Supplied information:
--- START ---
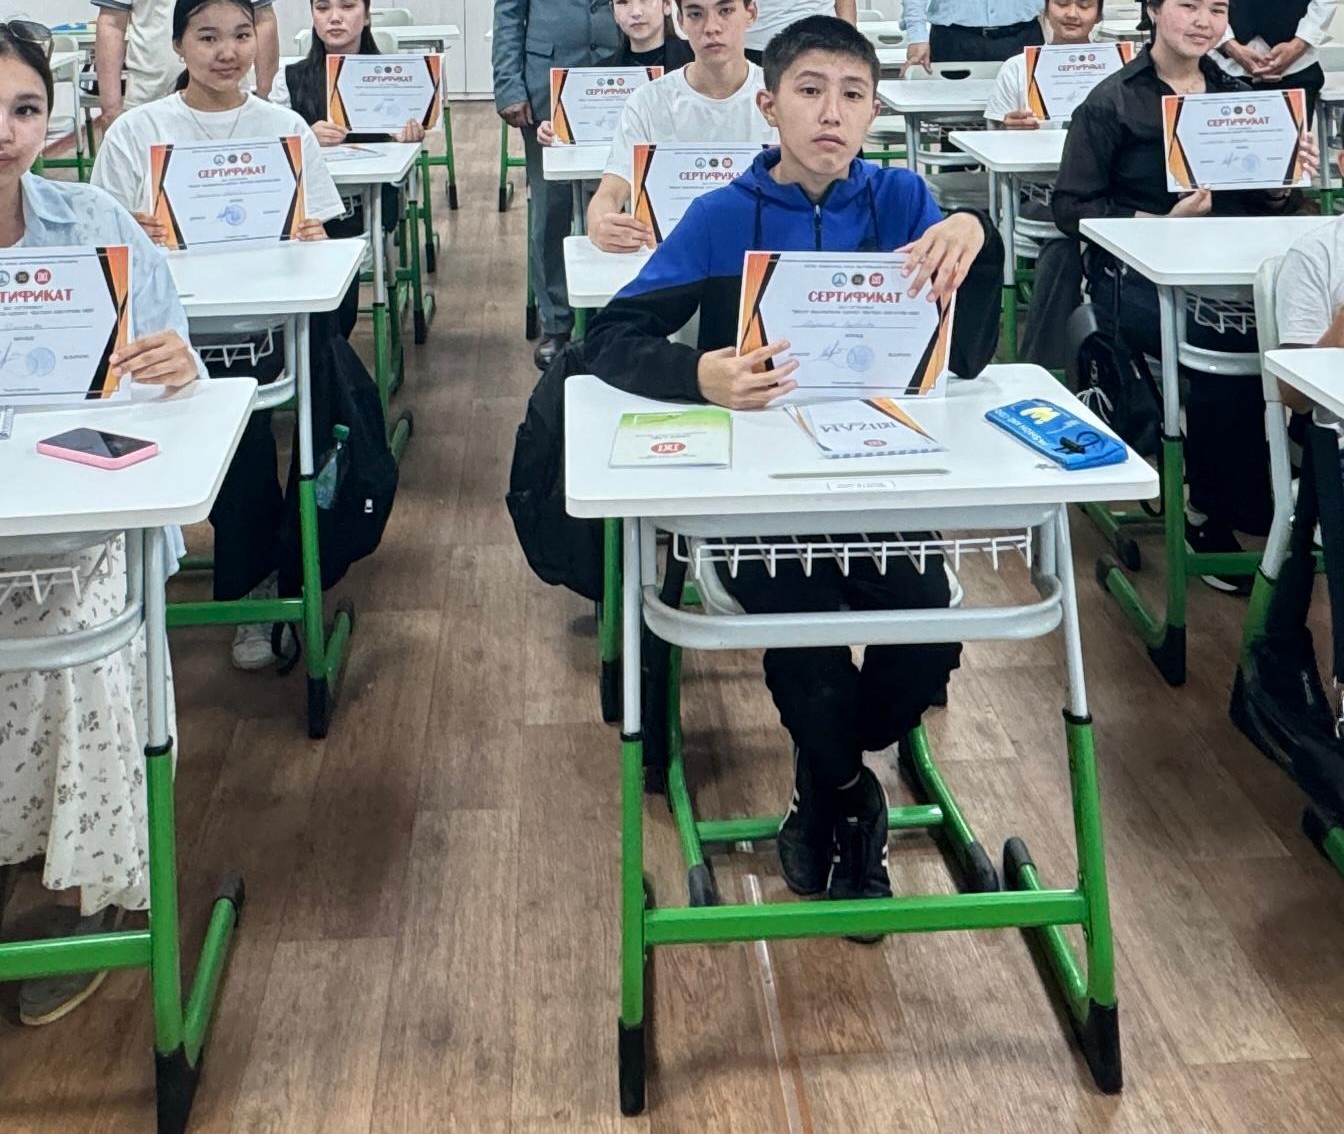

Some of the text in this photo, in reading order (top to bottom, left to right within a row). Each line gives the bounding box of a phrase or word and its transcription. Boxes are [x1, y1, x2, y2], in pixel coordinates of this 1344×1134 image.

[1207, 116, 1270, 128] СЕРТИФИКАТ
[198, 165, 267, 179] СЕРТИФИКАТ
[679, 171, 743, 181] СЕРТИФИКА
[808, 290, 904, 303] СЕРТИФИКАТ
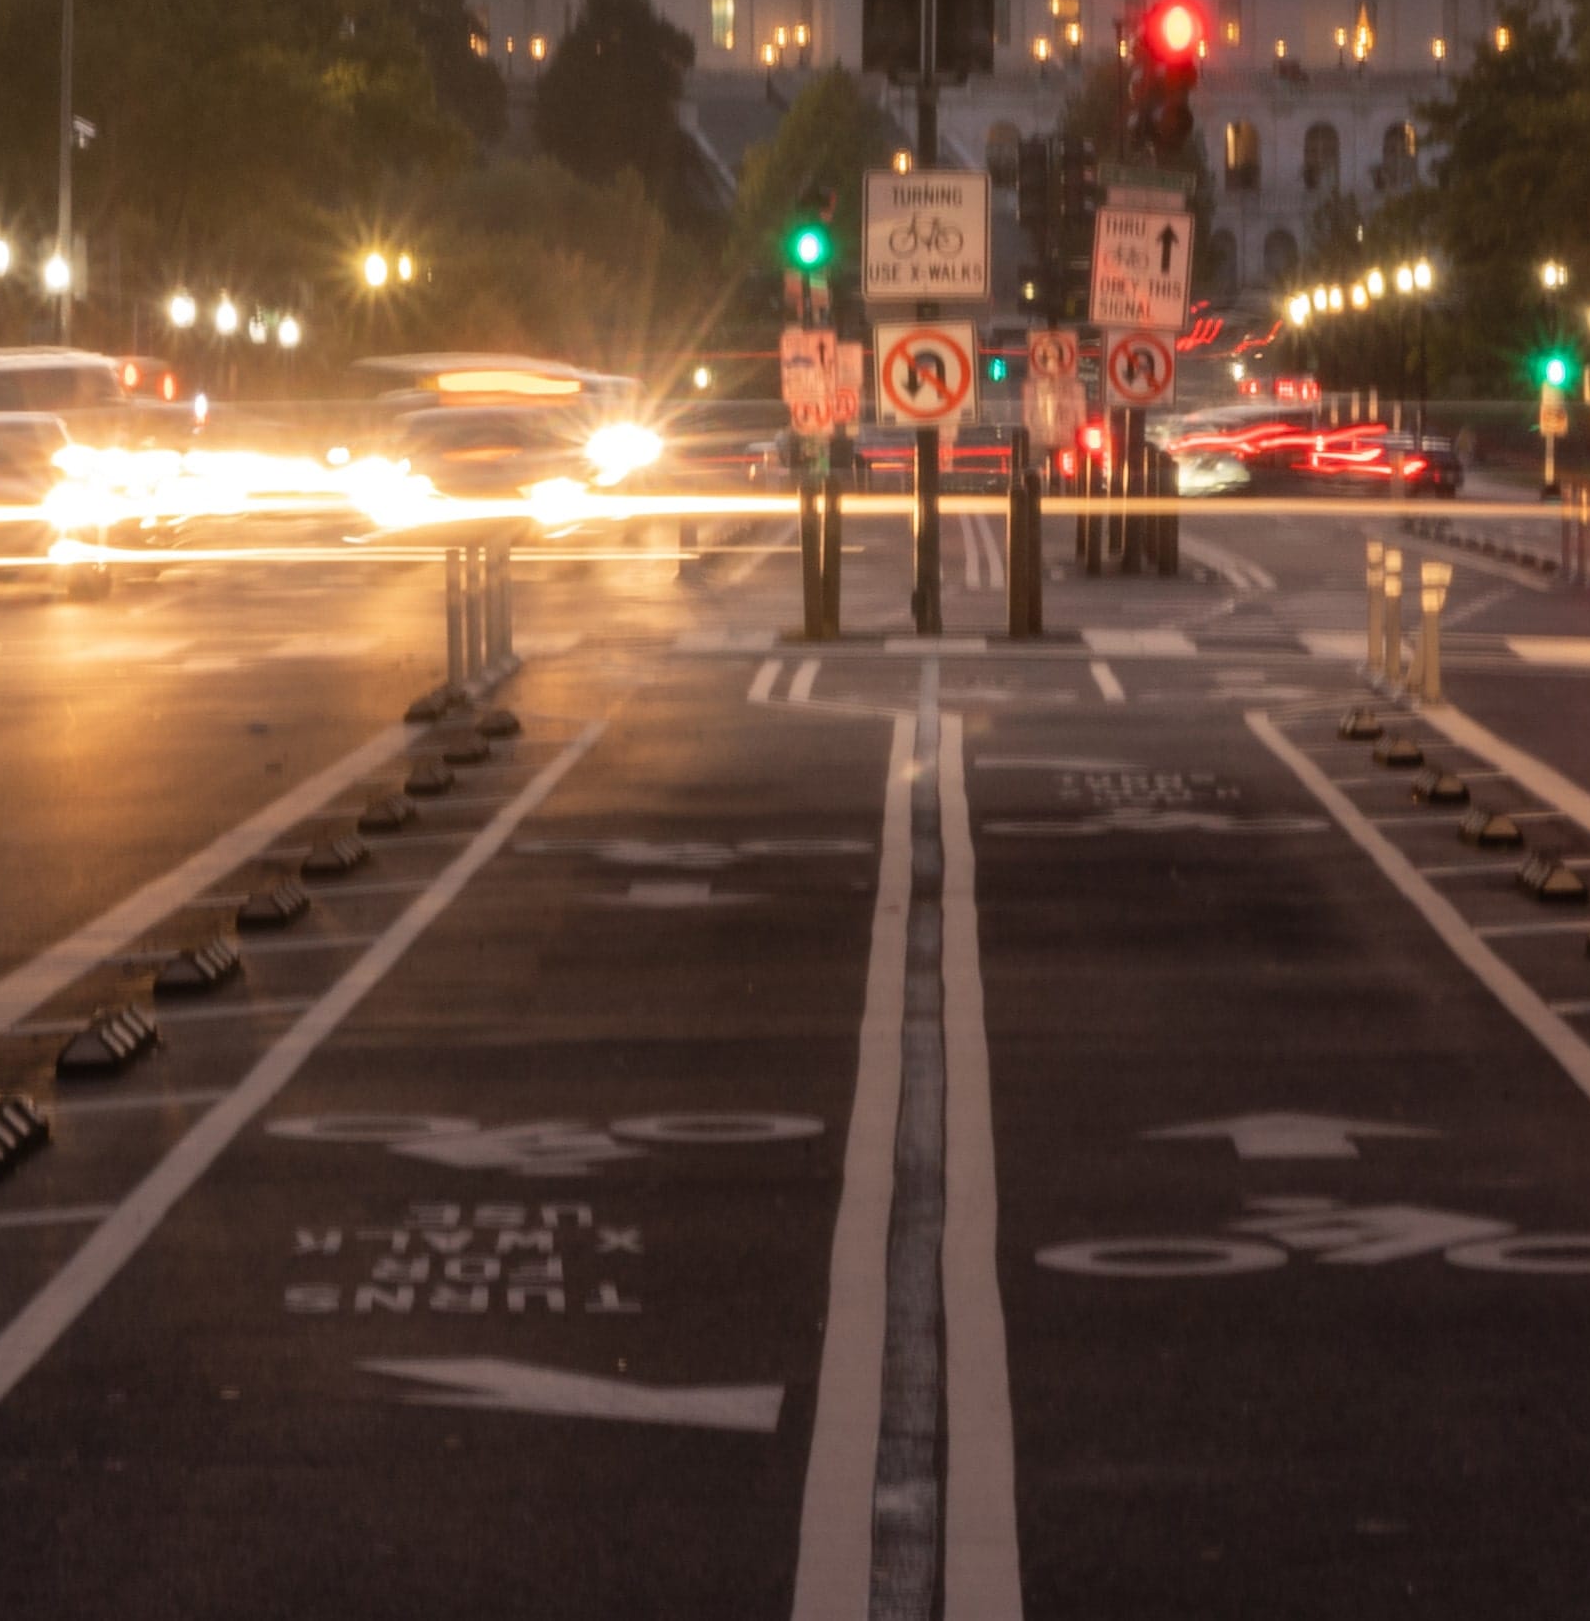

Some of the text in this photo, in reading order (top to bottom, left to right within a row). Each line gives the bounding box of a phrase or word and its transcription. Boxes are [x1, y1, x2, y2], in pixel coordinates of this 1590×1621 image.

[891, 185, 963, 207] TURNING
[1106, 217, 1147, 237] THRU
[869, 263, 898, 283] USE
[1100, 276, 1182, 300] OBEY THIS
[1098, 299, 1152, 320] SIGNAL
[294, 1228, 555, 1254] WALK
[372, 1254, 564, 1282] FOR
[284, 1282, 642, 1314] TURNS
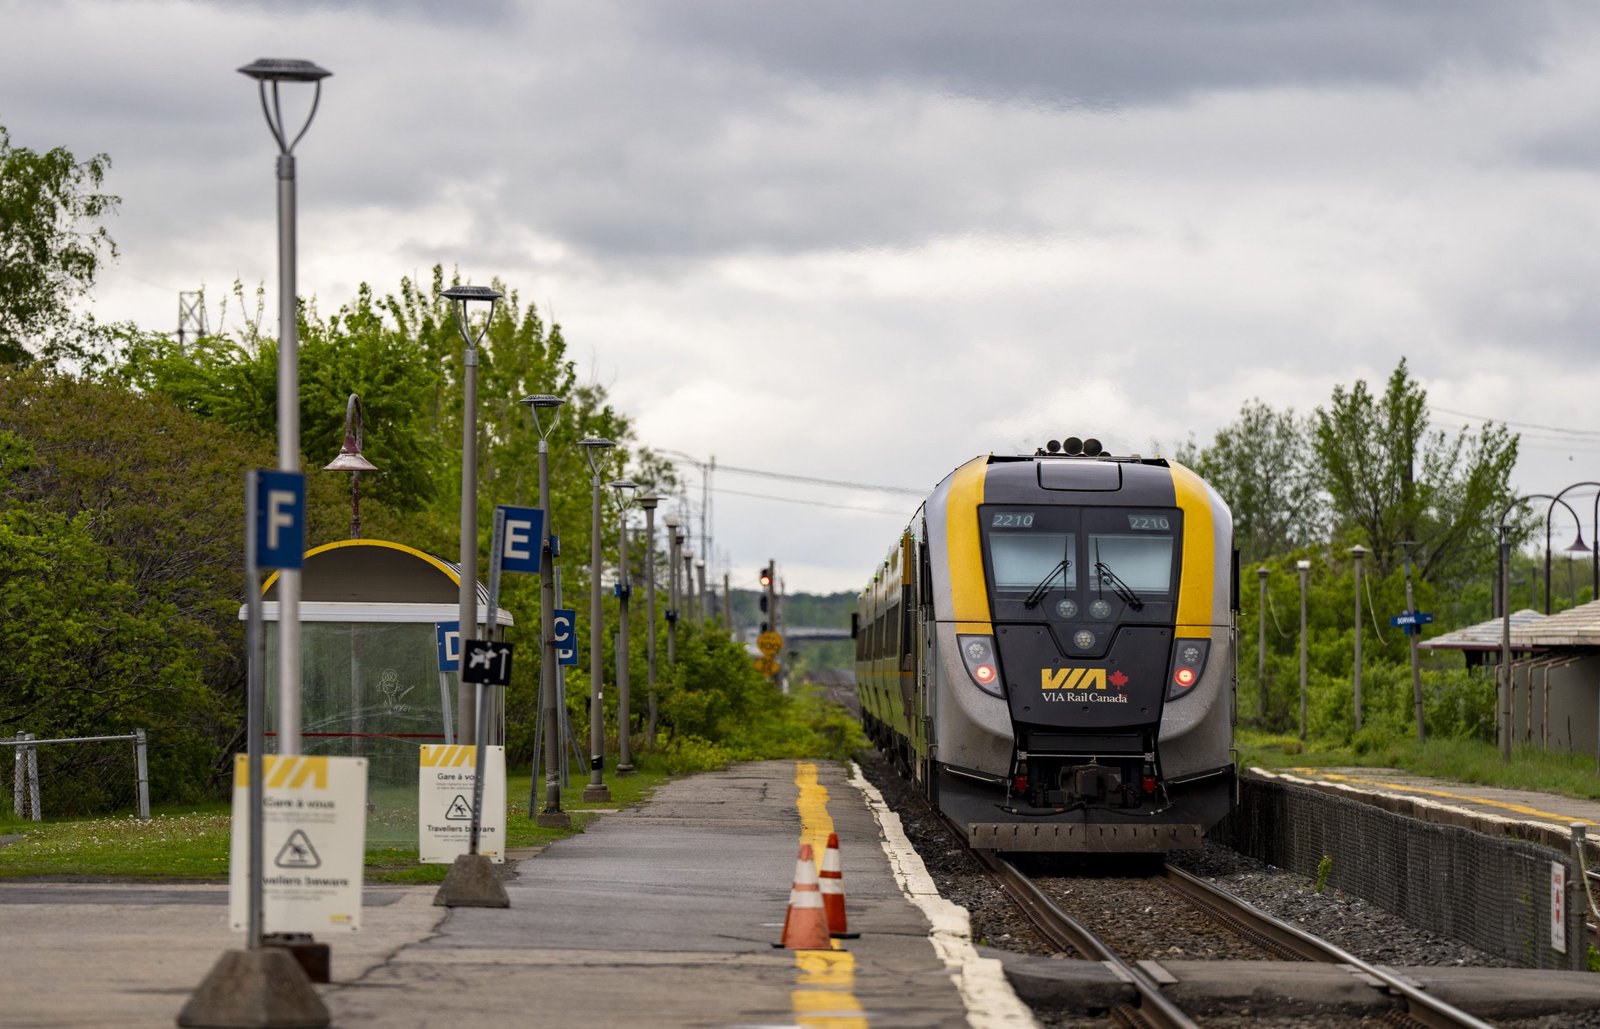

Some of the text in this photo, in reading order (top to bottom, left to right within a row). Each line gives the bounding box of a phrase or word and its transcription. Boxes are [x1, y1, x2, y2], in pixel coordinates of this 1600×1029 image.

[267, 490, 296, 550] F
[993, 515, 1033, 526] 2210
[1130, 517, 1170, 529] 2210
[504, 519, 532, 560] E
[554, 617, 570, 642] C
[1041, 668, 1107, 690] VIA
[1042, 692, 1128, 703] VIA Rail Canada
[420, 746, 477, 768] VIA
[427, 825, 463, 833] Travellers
--- END ---
About this task:
Repeat the data above word for word, without pictures.

Written response:
Some of the text in this photo, in reading order (top to bottom, left to right within a row). Each line gives the bounding box of a phrase or word and its transcription. Boxes are [x1, y1, x2, y2], in pixel coordinates of this 1344×1134 image.

[1207, 116, 1270, 128] СЕРТИФИКАТ
[198, 165, 267, 179] СЕРТИФИКАТ
[679, 171, 743, 181] СЕРТИФИКА
[808, 290, 904, 303] СЕРТИФИКАТ

Some of the text in this photo, in reading order (top to bottom, left to right within a row). Each line gives the bounding box of a phrase or word and its transcription. Boxes are [x1, y1, x2, y2], in pixel coordinates of this 1590×1621 image.

[891, 185, 963, 207] TURNING
[1106, 217, 1147, 237] THRU
[869, 263, 898, 283] USE
[1100, 276, 1182, 300] OBEY THIS
[1098, 299, 1152, 320] SIGNAL
[294, 1228, 555, 1254] WALK
[372, 1254, 564, 1282] FOR
[284, 1282, 642, 1314] TURNS

Some of the text in this photo, in reading order (top to bottom, left to right within a row). Each line gives the bounding box of a phrase or word and its transcription. Boxes are [x1, y1, x2, y2], in pixel coordinates of this 1600×1029 image.

[267, 490, 296, 550] F
[993, 515, 1033, 526] 2210
[1130, 517, 1170, 529] 2210
[504, 519, 532, 560] E
[554, 617, 570, 642] C
[1041, 668, 1107, 690] VIA
[1042, 692, 1128, 703] VIA Rail Canada
[420, 746, 477, 768] VIA
[427, 825, 463, 833] Travellers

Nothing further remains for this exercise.